-- Data for this task --
===============

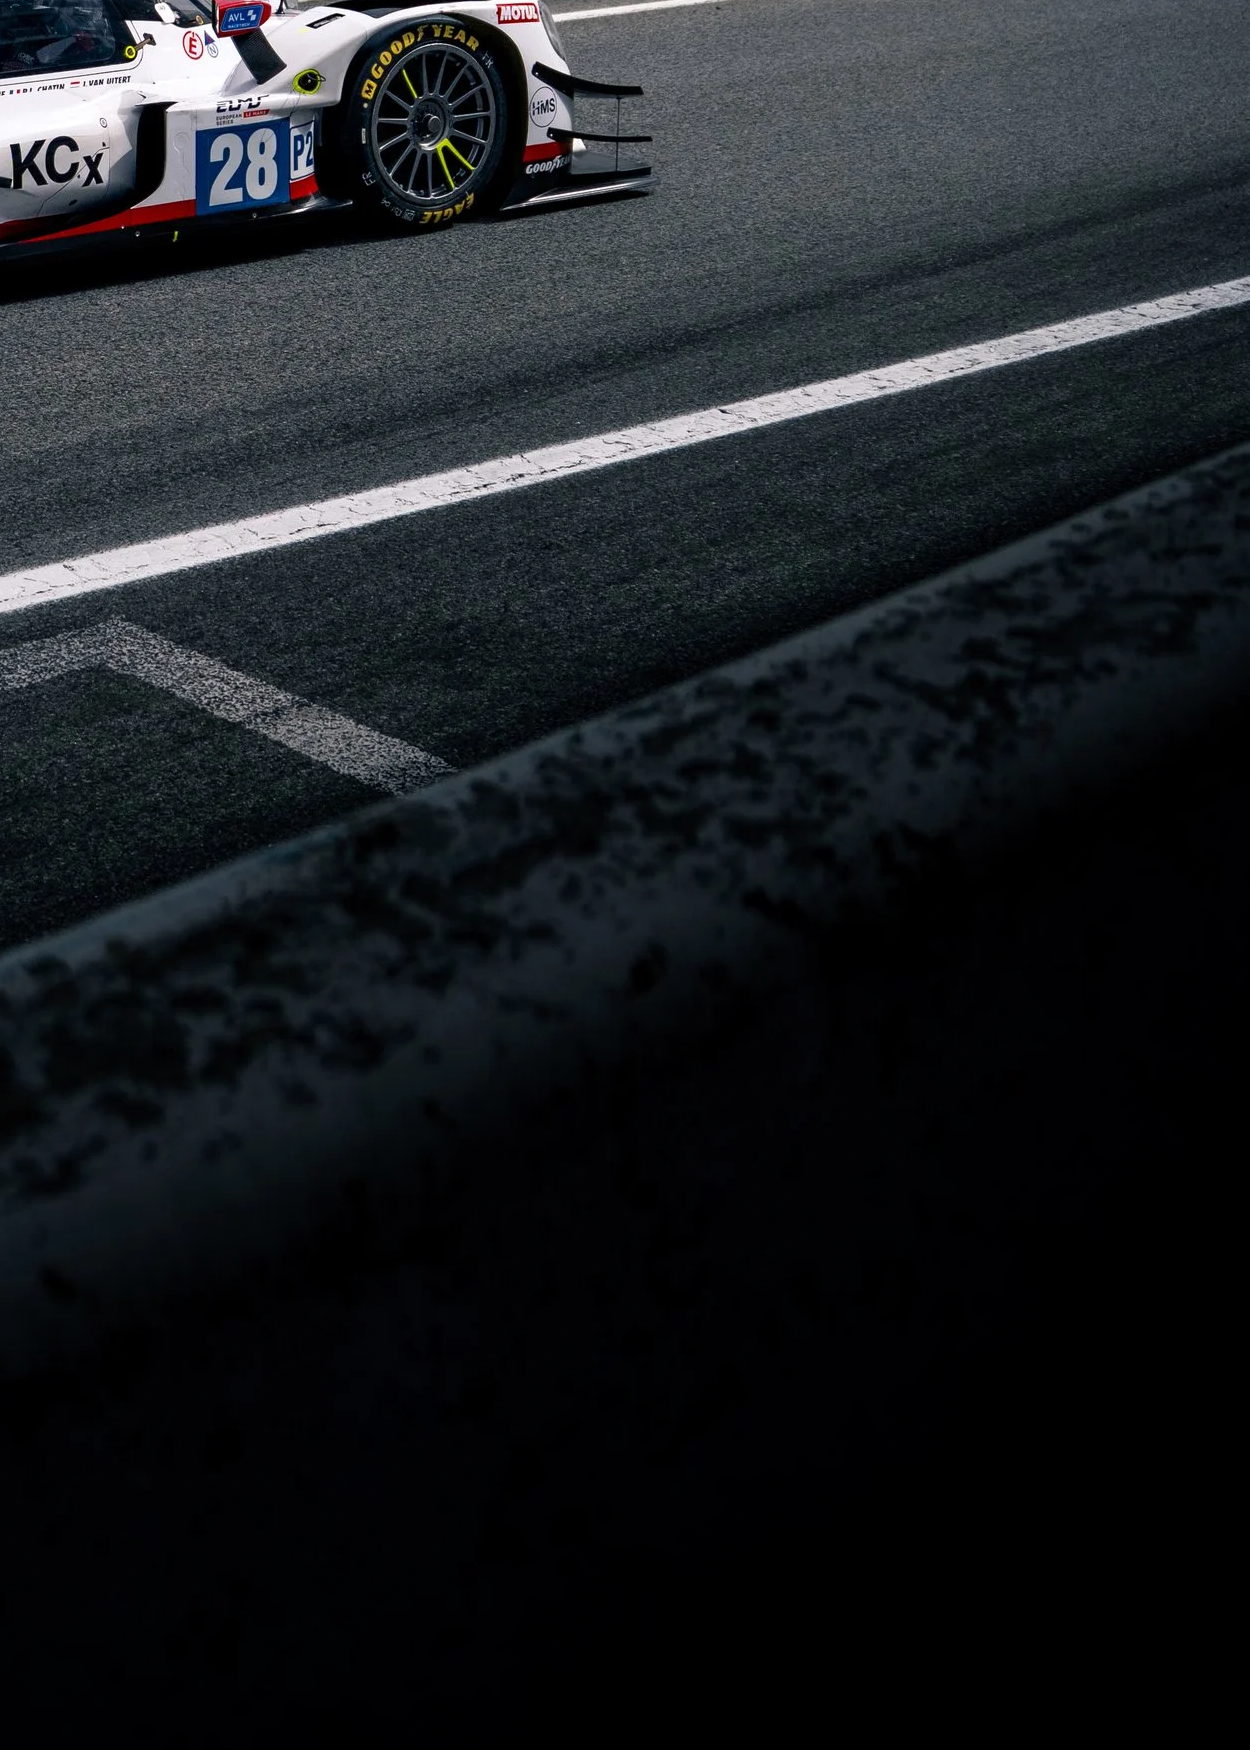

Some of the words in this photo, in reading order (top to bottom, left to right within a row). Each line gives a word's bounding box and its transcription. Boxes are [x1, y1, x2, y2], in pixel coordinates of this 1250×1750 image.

[228, 12, 245, 23] AVL
[500, 5, 538, 21] MOTUL
[106, 75, 132, 85] UITERT
[532, 97, 556, 117] HMS
[294, 131, 314, 171] P2
[209, 128, 278, 206] 28
[419, 192, 475, 224] EAGLE

===============

-- Exercise --
Output the full material exactly as given, without its pictures.

-- Output of the exercise --
Some of the words in this photo, in reading order (top to bottom, left to right within a row). Each line gives a word's bounding box and its transcription. Boxes are [x1, y1, x2, y2], in pixel coordinates of this 1250×1750 image.

[228, 12, 245, 23] AVL
[500, 5, 538, 21] MOTUL
[106, 75, 132, 85] UITERT
[532, 97, 556, 117] HMS
[294, 131, 314, 171] P2
[209, 128, 278, 206] 28
[419, 192, 475, 224] EAGLE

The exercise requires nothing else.